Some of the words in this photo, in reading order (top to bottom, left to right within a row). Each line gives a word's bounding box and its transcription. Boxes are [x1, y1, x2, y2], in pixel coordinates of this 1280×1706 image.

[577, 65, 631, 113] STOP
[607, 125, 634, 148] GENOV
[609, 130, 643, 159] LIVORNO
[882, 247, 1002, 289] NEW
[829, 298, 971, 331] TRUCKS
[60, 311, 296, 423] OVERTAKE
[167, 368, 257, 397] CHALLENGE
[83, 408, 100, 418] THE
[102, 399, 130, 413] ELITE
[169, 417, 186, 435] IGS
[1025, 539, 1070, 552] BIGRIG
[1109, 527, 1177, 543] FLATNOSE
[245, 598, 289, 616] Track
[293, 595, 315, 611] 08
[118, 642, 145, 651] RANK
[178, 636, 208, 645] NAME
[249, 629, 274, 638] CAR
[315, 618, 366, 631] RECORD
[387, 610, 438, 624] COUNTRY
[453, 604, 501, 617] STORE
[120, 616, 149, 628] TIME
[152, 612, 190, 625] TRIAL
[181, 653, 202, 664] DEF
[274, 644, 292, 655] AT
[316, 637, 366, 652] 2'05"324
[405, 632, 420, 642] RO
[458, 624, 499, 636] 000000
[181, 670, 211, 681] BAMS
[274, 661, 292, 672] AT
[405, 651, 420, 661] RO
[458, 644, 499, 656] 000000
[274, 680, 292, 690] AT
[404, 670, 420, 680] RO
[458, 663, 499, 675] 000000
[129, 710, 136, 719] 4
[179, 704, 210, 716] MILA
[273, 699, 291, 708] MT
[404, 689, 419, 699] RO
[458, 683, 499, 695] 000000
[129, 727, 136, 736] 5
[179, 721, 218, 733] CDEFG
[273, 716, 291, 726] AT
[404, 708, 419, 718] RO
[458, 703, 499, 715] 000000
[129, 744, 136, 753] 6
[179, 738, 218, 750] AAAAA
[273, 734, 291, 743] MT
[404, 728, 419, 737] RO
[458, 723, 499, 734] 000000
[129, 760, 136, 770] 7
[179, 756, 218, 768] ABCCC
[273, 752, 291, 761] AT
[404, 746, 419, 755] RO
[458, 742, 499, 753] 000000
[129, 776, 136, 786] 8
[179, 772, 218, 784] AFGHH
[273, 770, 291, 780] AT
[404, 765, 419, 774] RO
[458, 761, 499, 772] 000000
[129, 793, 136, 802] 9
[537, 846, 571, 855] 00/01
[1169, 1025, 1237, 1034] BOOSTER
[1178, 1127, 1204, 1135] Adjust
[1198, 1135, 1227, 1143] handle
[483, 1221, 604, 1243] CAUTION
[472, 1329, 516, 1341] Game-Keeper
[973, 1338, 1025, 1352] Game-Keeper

***

What this task involves: Each record needs to be given again exactly.

Final answer:
Some of the words in this photo, in reading order (top to bottom, left to right within a row). Each line gives a word's bounding box and its transcription. Boxes are [x1, y1, x2, y2], in pixel coordinates of this 1280×1706 image.

[577, 65, 631, 113] STOP
[607, 125, 634, 148] GENOV
[609, 130, 643, 159] LIVORNO
[882, 247, 1002, 289] NEW
[829, 298, 971, 331] TRUCKS
[60, 311, 296, 423] OVERTAKE
[167, 368, 257, 397] CHALLENGE
[83, 408, 100, 418] THE
[102, 399, 130, 413] ELITE
[169, 417, 186, 435] IGS
[1025, 539, 1070, 552] BIGRIG
[1109, 527, 1177, 543] FLATNOSE
[245, 598, 289, 616] Track
[293, 595, 315, 611] 08
[118, 642, 145, 651] RANK
[178, 636, 208, 645] NAME
[249, 629, 274, 638] CAR
[315, 618, 366, 631] RECORD
[387, 610, 438, 624] COUNTRY
[453, 604, 501, 617] STORE
[120, 616, 149, 628] TIME
[152, 612, 190, 625] TRIAL
[181, 653, 202, 664] DEF
[274, 644, 292, 655] AT
[316, 637, 366, 652] 2'05"324
[405, 632, 420, 642] RO
[458, 624, 499, 636] 000000
[181, 670, 211, 681] BAMS
[274, 661, 292, 672] AT
[405, 651, 420, 661] RO
[458, 644, 499, 656] 000000
[274, 680, 292, 690] AT
[404, 670, 420, 680] RO
[458, 663, 499, 675] 000000
[129, 710, 136, 719] 4
[179, 704, 210, 716] MILA
[273, 699, 291, 708] MT
[404, 689, 419, 699] RO
[458, 683, 499, 695] 000000
[129, 727, 136, 736] 5
[179, 721, 218, 733] CDEFG
[273, 716, 291, 726] AT
[404, 708, 419, 718] RO
[458, 703, 499, 715] 000000
[129, 744, 136, 753] 6
[179, 738, 218, 750] AAAAA
[273, 734, 291, 743] MT
[404, 728, 419, 737] RO
[458, 723, 499, 734] 000000
[129, 760, 136, 770] 7
[179, 756, 218, 768] ABCCC
[273, 752, 291, 761] AT
[404, 746, 419, 755] RO
[458, 742, 499, 753] 000000
[129, 776, 136, 786] 8
[179, 772, 218, 784] AFGHH
[273, 770, 291, 780] AT
[404, 765, 419, 774] RO
[458, 761, 499, 772] 000000
[129, 793, 136, 802] 9
[537, 846, 571, 855] 00/01
[1169, 1025, 1237, 1034] BOOSTER
[1178, 1127, 1204, 1135] Adjust
[1198, 1135, 1227, 1143] handle
[483, 1221, 604, 1243] CAUTION
[472, 1329, 516, 1341] Game-Keeper
[973, 1338, 1025, 1352] Game-Keeper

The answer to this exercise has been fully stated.